→ **REQUIRED ACTION**
Would you repeat every line of the material exactly?

[Start of section]

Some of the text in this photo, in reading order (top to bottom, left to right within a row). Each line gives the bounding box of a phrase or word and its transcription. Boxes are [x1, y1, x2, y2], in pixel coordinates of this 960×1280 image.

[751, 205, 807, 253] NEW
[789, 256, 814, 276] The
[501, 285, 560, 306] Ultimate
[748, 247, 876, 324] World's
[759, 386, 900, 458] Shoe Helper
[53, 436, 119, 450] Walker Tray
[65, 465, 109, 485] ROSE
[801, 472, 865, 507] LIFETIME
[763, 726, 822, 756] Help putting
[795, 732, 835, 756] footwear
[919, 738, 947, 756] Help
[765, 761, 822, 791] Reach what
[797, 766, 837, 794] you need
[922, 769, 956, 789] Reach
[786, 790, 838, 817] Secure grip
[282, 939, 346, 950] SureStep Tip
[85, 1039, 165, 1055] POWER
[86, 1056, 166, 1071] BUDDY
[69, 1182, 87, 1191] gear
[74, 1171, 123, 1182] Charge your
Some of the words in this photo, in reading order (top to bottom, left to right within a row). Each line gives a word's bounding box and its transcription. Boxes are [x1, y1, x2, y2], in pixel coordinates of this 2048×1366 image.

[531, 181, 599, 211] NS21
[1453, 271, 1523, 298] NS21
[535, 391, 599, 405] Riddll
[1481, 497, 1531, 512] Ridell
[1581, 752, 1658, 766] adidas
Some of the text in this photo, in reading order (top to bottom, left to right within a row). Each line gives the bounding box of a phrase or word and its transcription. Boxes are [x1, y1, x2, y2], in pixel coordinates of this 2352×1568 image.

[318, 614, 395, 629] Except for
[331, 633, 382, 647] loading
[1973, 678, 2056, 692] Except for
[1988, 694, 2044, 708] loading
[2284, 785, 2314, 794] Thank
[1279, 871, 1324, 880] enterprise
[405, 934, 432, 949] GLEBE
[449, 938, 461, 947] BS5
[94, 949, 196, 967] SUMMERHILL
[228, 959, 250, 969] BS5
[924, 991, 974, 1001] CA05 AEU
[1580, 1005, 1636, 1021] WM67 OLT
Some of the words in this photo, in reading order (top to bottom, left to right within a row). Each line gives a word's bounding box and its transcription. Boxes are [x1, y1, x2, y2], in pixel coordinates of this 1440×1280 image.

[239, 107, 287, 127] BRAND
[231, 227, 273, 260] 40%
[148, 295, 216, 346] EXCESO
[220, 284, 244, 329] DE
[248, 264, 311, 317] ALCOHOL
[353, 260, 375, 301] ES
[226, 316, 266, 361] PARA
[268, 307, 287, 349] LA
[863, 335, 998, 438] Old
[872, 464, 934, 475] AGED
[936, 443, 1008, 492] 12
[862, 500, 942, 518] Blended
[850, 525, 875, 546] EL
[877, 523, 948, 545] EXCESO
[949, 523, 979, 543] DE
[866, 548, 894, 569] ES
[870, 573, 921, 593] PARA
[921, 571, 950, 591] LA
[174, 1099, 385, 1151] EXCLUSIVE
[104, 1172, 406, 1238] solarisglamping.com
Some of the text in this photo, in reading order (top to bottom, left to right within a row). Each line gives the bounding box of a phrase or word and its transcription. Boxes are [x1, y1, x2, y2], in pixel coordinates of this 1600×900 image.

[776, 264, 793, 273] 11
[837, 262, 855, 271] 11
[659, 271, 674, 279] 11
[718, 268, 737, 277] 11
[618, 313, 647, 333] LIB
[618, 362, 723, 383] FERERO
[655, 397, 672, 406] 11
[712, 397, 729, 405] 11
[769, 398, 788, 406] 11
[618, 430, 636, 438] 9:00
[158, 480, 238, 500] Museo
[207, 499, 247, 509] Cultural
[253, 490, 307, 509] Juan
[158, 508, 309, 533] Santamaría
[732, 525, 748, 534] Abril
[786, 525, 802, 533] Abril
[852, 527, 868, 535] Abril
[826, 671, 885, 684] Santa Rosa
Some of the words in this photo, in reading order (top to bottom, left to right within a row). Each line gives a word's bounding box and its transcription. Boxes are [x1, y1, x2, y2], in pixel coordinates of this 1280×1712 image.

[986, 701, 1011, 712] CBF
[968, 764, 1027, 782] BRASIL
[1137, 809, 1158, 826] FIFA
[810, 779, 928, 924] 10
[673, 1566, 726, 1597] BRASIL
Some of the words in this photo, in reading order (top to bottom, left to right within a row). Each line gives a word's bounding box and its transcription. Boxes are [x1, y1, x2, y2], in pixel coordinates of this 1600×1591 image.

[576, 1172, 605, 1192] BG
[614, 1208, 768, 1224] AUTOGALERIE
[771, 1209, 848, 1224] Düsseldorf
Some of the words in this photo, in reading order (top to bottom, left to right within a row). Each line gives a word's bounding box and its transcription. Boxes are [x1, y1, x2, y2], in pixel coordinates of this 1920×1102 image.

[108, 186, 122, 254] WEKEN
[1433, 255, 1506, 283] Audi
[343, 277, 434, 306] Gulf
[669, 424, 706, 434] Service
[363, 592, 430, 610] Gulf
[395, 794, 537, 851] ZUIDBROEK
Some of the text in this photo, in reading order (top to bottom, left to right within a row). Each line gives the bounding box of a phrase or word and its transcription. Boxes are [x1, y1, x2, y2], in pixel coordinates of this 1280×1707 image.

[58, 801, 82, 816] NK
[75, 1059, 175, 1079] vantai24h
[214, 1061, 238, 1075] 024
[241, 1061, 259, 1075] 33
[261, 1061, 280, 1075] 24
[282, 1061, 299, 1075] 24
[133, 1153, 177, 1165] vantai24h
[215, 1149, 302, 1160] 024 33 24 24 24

[End of section]

→ **RESULT**
Some of the text in this photo, in reading order (top to bottom, left to right within a row). Each line gives the bounding box of a phrase or word and its transcription. Boxes are [x1, y1, x2, y2], in pixel coordinates of this 960×1280 image.

[751, 205, 807, 253] NEW
[789, 256, 814, 276] The
[501, 285, 560, 306] Ultimate
[748, 247, 876, 324] World's
[759, 386, 900, 458] Shoe Helper
[53, 436, 119, 450] Walker Tray
[65, 465, 109, 485] ROSE
[801, 472, 865, 507] LIFETIME
[763, 726, 822, 756] Help putting
[795, 732, 835, 756] footwear
[919, 738, 947, 756] Help
[765, 761, 822, 791] Reach what
[797, 766, 837, 794] you need
[922, 769, 956, 789] Reach
[786, 790, 838, 817] Secure grip
[282, 939, 346, 950] SureStep Tip
[85, 1039, 165, 1055] POWER
[86, 1056, 166, 1071] BUDDY
[69, 1182, 87, 1191] gear
[74, 1171, 123, 1182] Charge your
Some of the words in this photo, in reading order (top to bottom, left to right within a row). Each line gives a word's bounding box and its transcription. Boxes are [x1, y1, x2, y2], in pixel coordinates of this 2048×1366 image.

[531, 181, 599, 211] NS21
[1453, 271, 1523, 298] NS21
[535, 391, 599, 405] Riddll
[1481, 497, 1531, 512] Ridell
[1581, 752, 1658, 766] adidas
Some of the text in this photo, in reading order (top to bottom, left to right within a row). Each line gives the bounding box of a phrase or word and its transcription. Boxes are [x1, y1, x2, y2], in pixel coordinates of this 2352×1568 image.

[318, 614, 395, 629] Except for
[331, 633, 382, 647] loading
[1973, 678, 2056, 692] Except for
[1988, 694, 2044, 708] loading
[2284, 785, 2314, 794] Thank
[1279, 871, 1324, 880] enterprise
[405, 934, 432, 949] GLEBE
[449, 938, 461, 947] BS5
[94, 949, 196, 967] SUMMERHILL
[228, 959, 250, 969] BS5
[924, 991, 974, 1001] CA05 AEU
[1580, 1005, 1636, 1021] WM67 OLT
Some of the words in this photo, in reading order (top to bottom, left to right within a row). Each line gives a word's bounding box and its transcription. Boxes are [x1, y1, x2, y2], in pixel coordinates of this 1440×1280 image.

[239, 107, 287, 127] BRAND
[231, 227, 273, 260] 40%
[148, 295, 216, 346] EXCESO
[220, 284, 244, 329] DE
[248, 264, 311, 317] ALCOHOL
[353, 260, 375, 301] ES
[226, 316, 266, 361] PARA
[268, 307, 287, 349] LA
[863, 335, 998, 438] Old
[872, 464, 934, 475] AGED
[936, 443, 1008, 492] 12
[862, 500, 942, 518] Blended
[850, 525, 875, 546] EL
[877, 523, 948, 545] EXCESO
[949, 523, 979, 543] DE
[866, 548, 894, 569] ES
[870, 573, 921, 593] PARA
[921, 571, 950, 591] LA
[174, 1099, 385, 1151] EXCLUSIVE
[104, 1172, 406, 1238] solarisglamping.com
Some of the text in this photo, in reading order (top to bottom, left to right within a row). Each line gives the bounding box of a phrase or word and its transcription. Boxes are [x1, y1, x2, y2], in pixel coordinates of this 1600×900 image.

[776, 264, 793, 273] 11
[837, 262, 855, 271] 11
[659, 271, 674, 279] 11
[718, 268, 737, 277] 11
[618, 313, 647, 333] LIB
[618, 362, 723, 383] FERERO
[655, 397, 672, 406] 11
[712, 397, 729, 405] 11
[769, 398, 788, 406] 11
[618, 430, 636, 438] 9:00
[158, 480, 238, 500] Museo
[207, 499, 247, 509] Cultural
[253, 490, 307, 509] Juan
[158, 508, 309, 533] Santamaría
[732, 525, 748, 534] Abril
[786, 525, 802, 533] Abril
[852, 527, 868, 535] Abril
[826, 671, 885, 684] Santa Rosa
Some of the words in this photo, in reading order (top to bottom, left to right within a row). Each line gives a word's bounding box and its transcription. Boxes are [x1, y1, x2, y2], in pixel coordinates of this 1280×1712 image.

[986, 701, 1011, 712] CBF
[968, 764, 1027, 782] BRASIL
[1137, 809, 1158, 826] FIFA
[810, 779, 928, 924] 10
[673, 1566, 726, 1597] BRASIL
Some of the words in this photo, in reading order (top to bottom, left to right within a row). Each line gives a word's bounding box and its transcription. Boxes are [x1, y1, x2, y2], in pixel coordinates of this 1600×1591 image.

[576, 1172, 605, 1192] BG
[614, 1208, 768, 1224] AUTOGALERIE
[771, 1209, 848, 1224] Düsseldorf
Some of the words in this photo, in reading order (top to bottom, left to right within a row). Each line gives a word's bounding box and its transcription. Boxes are [x1, y1, x2, y2], in pixel coordinates of this 1920×1102 image.

[108, 186, 122, 254] WEKEN
[1433, 255, 1506, 283] Audi
[343, 277, 434, 306] Gulf
[669, 424, 706, 434] Service
[363, 592, 430, 610] Gulf
[395, 794, 537, 851] ZUIDBROEK
Some of the text in this photo, in reading order (top to bottom, left to right within a row). Each line gives the bounding box of a phrase or word and its transcription. Boxes are [x1, y1, x2, y2], in pixel coordinates of this 1280×1707 image.

[58, 801, 82, 816] NK
[75, 1059, 175, 1079] vantai24h
[214, 1061, 238, 1075] 024
[241, 1061, 259, 1075] 33
[261, 1061, 280, 1075] 24
[282, 1061, 299, 1075] 24
[133, 1153, 177, 1165] vantai24h
[215, 1149, 302, 1160] 024 33 24 24 24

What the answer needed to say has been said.